UserWarning: 1Torch was not compiled with flash attention. (Triggered internally at ..\aten\src\ATen\native\transformers\cuda\sdp_utils.cpp:455.)

HVision-NKU / StoryDiffusion

Accepted as [NeurIPS 2024] Spotlight Presentation Paper

Apache License 2.0

5.83k stars 582 forks source link

UserWarning: 1Torch was not compiled with flash attention. (Triggered internally at ..\aten\src\ATen\native\transformers\cuda\sdp_utils.cpp:455.) #26

Open huanxve opened 5 months ago

huanxve commented 5 months ago

UserWarning: 1Torch was not compiled with flash attention. (Triggered internally at ..\aten\src\ATen\native\transformers\cuda\sdp_utils.cpp:455.)
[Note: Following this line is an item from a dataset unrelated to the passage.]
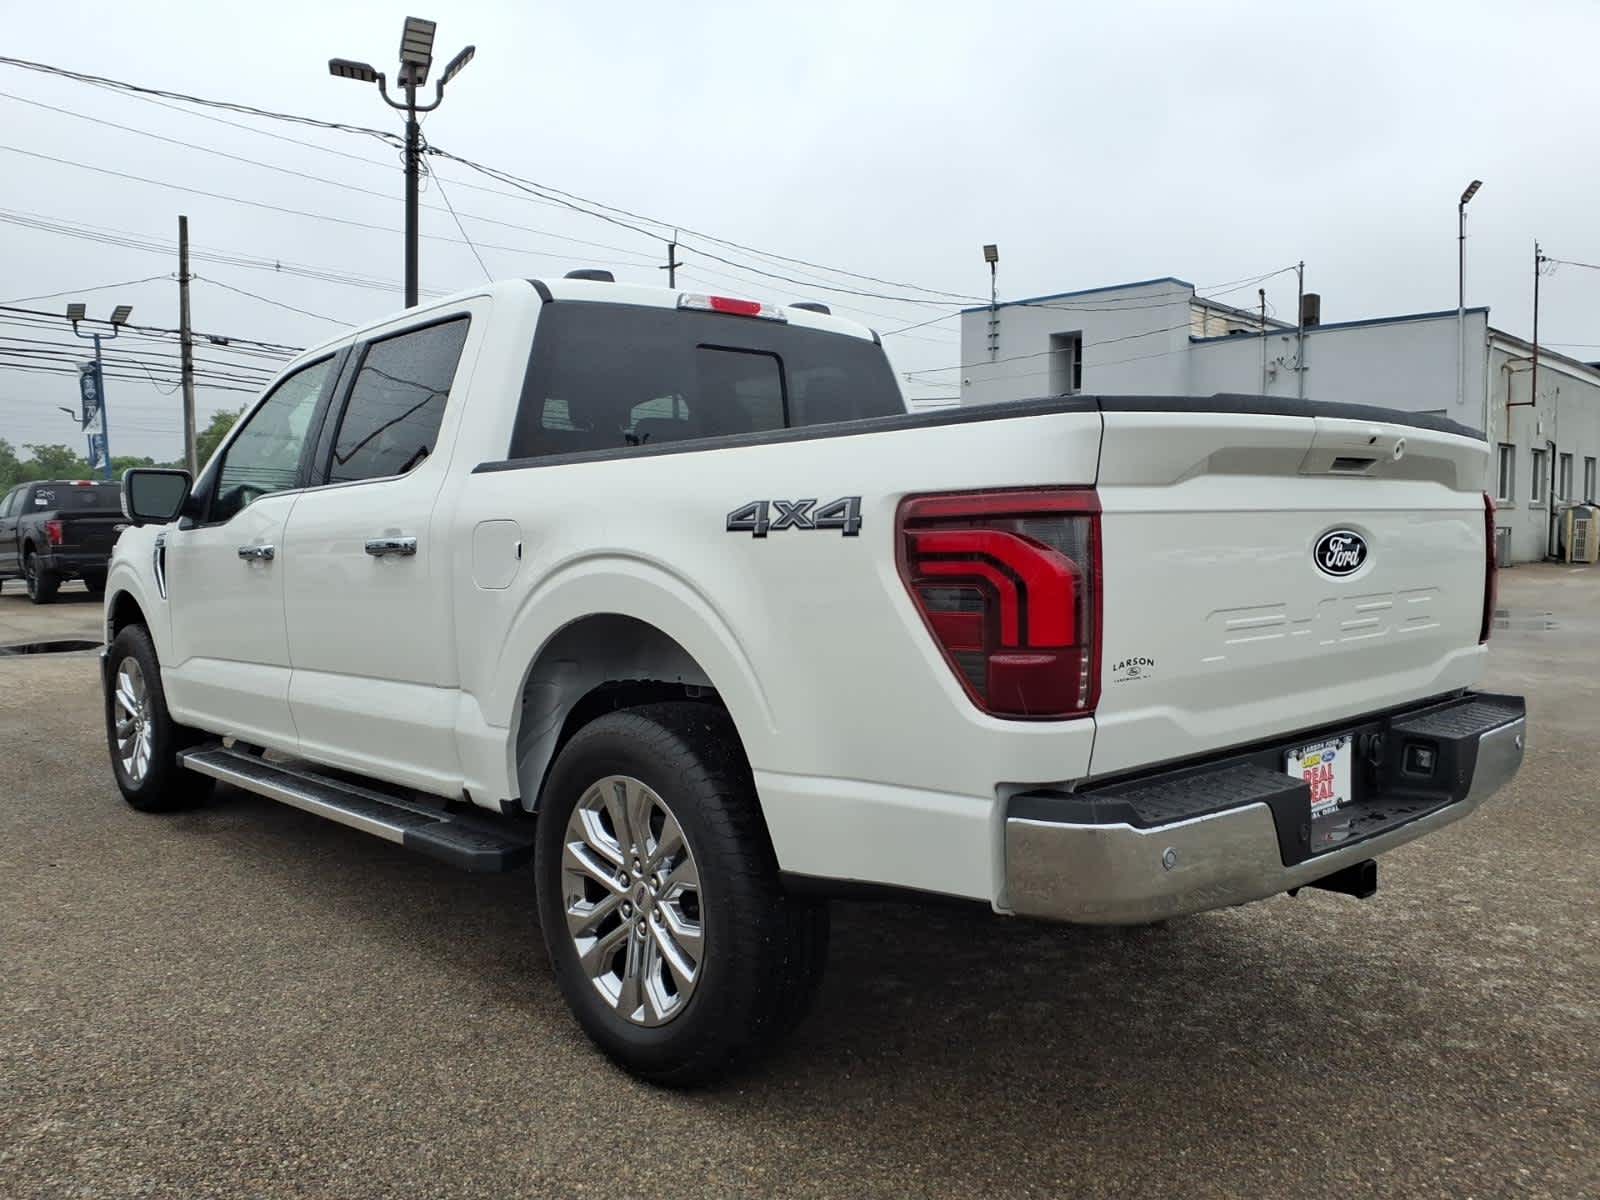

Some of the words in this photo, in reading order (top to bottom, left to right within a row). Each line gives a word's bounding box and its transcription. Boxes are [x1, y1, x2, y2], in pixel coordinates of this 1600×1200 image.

[1326, 536, 1361, 567] Ford
[1112, 657, 1154, 672] LARSON
[1311, 780, 1334, 803] EAL
huanxve commented 5 months ago

Does this error affect the generation speed?

Bigfield77 commented 5 months ago

When i looked for the same error, it seems that torch (on windows at least) has had that issue since the last few release.

The last release where this works is torch 2.1.2: pip install torch==2.1.2 torchvision==0.16.2 torchaudio==2.1.2 xformers --index-url https://download.pytorch.org/whl/cu121 --upgrade

optional for window user: ( pip install https://huggingface.co/r4ziel/xformers_pre_built/resolve/main/triton-2.0.0-cp310-cp310-win_amd64.whl)

Bigfield77 commented 5 months ago

it makes a huge difference in memory usage only if xformers_memory attention is enabled in line 531 of gradio_app_sdxl_specific_id.py.
pipe.enable_xformers_memory_efficient_attention()

But unfortunately it seems to break the attention mechanism of storydiffusion :(